Mindfulness with Psyche and Eros

Eros

Eros

When we choose to attune to loving consciousness, to look at life through loving eyes, we experience deeper Faith and know that just about anything is possible. The roses bloom brighter, the conversations grow deeper and energy flows unendingly within. When we choose to look at life through fearful eyes, life wilts, becomes increasingly smaller, suspicious, and in extreme cases, paranoid, violent and even deadly.

In the Myth of Eros and Psyche, the two are attuned to a loving consciousness- they hold a great love perception and share, albeit an unusual, but happy relationship. The loving consciousness they share is what makes their relationship peaceful, supportive, and life-giving to both of them. Indeed, Psyche's belief in her own experience and the love perception allows her to accept and trust the darkened, hidden and shadowed Eros without fear.  She innocently and purely holds faith in this unknown and a love for what is yet to be revealed and intimately known.  The key here is faith - belief - in this unknown element; it is already accepted, this love.

To thine own self be true.

The trust in self is broken first; it is always broken first.

Later, Psyche's sisters come to visit her and discover her comfortable life, obvious happiness, and good fortune; they become deeply envious.

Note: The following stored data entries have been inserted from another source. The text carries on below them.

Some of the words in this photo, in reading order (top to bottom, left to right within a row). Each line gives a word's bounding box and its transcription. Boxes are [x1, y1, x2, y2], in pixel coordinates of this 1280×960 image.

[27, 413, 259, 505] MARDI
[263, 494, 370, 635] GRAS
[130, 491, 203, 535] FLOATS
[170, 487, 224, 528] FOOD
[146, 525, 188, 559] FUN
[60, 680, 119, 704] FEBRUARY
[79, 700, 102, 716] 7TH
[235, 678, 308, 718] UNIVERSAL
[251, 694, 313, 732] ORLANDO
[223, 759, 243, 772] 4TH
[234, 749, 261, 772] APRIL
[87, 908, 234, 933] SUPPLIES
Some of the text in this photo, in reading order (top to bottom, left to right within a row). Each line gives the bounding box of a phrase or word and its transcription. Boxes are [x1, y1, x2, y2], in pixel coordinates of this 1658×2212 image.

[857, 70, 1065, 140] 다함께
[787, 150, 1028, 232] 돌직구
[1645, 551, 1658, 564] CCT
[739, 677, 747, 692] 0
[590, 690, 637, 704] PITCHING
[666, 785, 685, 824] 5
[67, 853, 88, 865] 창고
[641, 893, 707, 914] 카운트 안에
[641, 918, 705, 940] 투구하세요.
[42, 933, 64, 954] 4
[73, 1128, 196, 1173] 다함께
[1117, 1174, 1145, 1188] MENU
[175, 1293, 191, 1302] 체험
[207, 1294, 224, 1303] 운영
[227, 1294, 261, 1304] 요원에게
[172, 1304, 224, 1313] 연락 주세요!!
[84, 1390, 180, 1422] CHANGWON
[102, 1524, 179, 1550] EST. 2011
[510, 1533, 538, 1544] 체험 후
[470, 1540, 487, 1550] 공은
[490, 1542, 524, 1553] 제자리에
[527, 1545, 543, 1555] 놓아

They begin to pick a little bit here and there, peppering Psyche with more and more questions about her husband and their relationship. Searching for a weakness, a vulnerability, a crack, and then a bullseye! Psyche is married to a man that she has never actually seen in the light!

“What!?! Ha ha ha ha ha, oh my goodness!!”

“That’s ridiculous, you cannot be serious, Psyche…You really have never, ever seen him?”

“Oh my God! How can you stand for this?”

“I would demand to see my husband immediately - in the freaking sunshine!”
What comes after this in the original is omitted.